精密板金業界で、これからの主役を担う複合機。レーザーとの融合でタレパンは新たな時代の幕を開ける。

パンチとレーザーのコンビネーションで作られる複合機。複合機は現在、精密板金市場で最も高額で、大きな利益を生み出す機械です。今回は、複合機の幕開けについてお話しします。

複合機のリーディングカンパニーはアマダとトゥルンプ

複合機は非常に需要の大きい機械ですが、複合機を作る会社は案外少ないのが現状です。日本にとどまらず世界でも、アマダとトゥルンプがリーディングカンパニーとして市場を分けています。

複合機は、パンチングがベースになっていますが、実はアマダとトゥルンプでは多少スタートが違います。アマダは、タレパンをベースにレーザーを合わせて、複合機という形態を製造。対してトゥルンプは、ニブリングマシンを進化させ、レーザーを合わせることで複合機を作り上げました。2社の複合機はお互いの良さがあり、一長一短です。

パンチング+レーザー=複合機のイノベーション

複合機の需要がこれほど高いのは、生産性が高いためです。複合機は、パンチングの特性とレーザーの特性を兼ね備えています。

パンチングは、中量産に強いのが魅力。一方レーザーは、スピードではパンチングには追いつかないものの、特殊形状は得意中の得意です。パンチングで特殊形状を切り抜くには、追い抜きする必要がありますが、レーザーは一筆書きで切り抜けます。

複合機は、パンチングとレーザーが合わさることで、イノベーションされる機械に変わったのです。

アマダのレーザー開発の歴史

ここからは50年前に生まれたパンチングから複合機に至る歴史を説明します。日本のアマダとヨーロッパのトゥルンプ社の歴史を比較しながら見ていきましょう。

タレパンの販売が好調だったアマダは、早期からレーザーの開発に着手していました。1980年代には、当時の最高出力であった1.2kWのCO2レーザーを市場にリリース。大型機から小型機まで発売し、レーザー技術を確立していました。

ところが、アマダのパンチング部門とレーザー部門が複合機に統合されるのは、もう少しあとの話です。

ヨーロッパの台頭と複合機市場の拡大

ヨーロッパでは、1978年にイタリアミラノで開かれた展示会にすでに複合機が出品されています。出展したのは、ドイツからトゥルンプとベーレンスという2社、イタリアからサルバニーニという会社です。

その頃日本では、パンチングとレーザーが別々に需要が高かったこと、パンチとレーザーの「複合加工技術」にチャレンジしていたことが理由で、複合機の開発が遅れていました。しかし、ヨーロッパでの複合機市場の拡大の影響で、日本でも複合機の人気が拡大。トゥルンプ社が日本市場を攻めてきたことで、アマダは一時期トゥルンプに大敗します。
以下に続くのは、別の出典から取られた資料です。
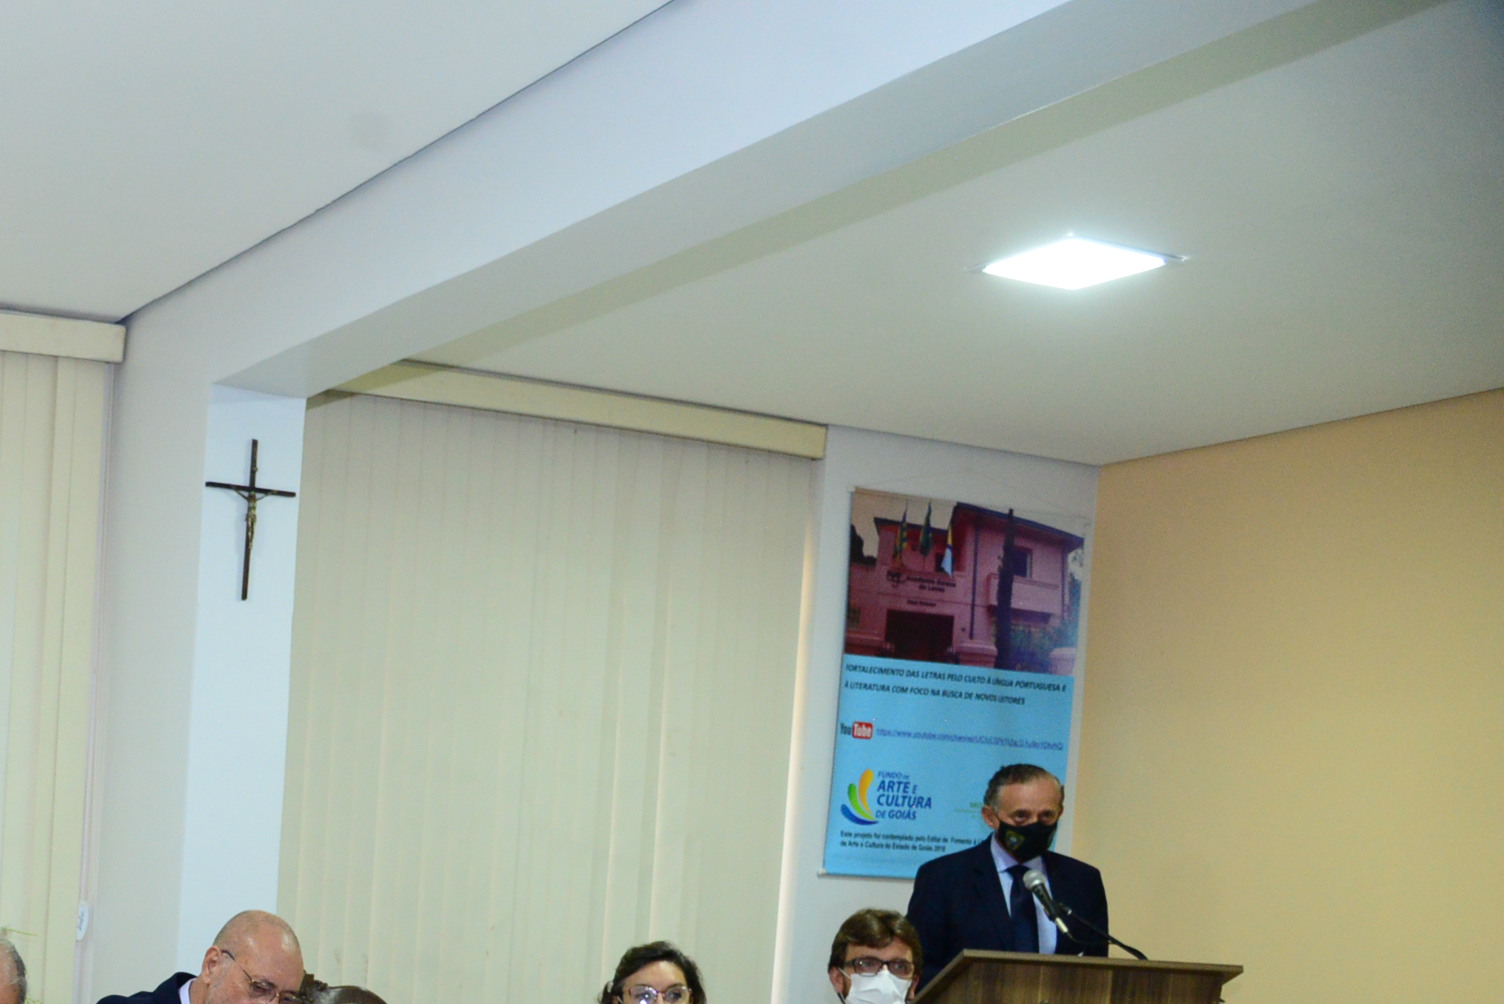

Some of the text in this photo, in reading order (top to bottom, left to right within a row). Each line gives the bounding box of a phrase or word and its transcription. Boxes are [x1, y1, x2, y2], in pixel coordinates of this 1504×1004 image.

その後、アマダはEMLという複合機の開発を進めることになります。

ファイバーレーザーによる複合機のイノベーション

複合機のイノベーションのポイントは、CO2レーザーからファイバーレーザーに変わったことです。

ファイバーの1つ目の利点は、ハイパワーであること。加工のスピードが上がり、厚い鉄板でも切れることがタレパンとの違いです。タレパンは厚板が苦手で、3.2mm以上の鉄板は加工が難しいことが弱点でした。ファイバーにより、この弱点を克服しています。

ファイバーの2つ目の利点は、非鉄(アルミ・銅・チタンなど)を切れることです。従来のCO2レーザーは、反射してしまうためアルミを切れませんでした。半導体製造装置や医療機器など、現在の精密板金市場は、鉄から非鉄に変わっています。試作から中量産というニーズに加え、短納期というニーズにも応えられるようになりました。

複合機は、今後の自動化やIoT・DXの流れを全て満たす機械です。これからの板金IoT・DXの主役は複合機になっていくでしょう。

パンチングマシーンは、複合機に進化し、自動化につながっていくのです。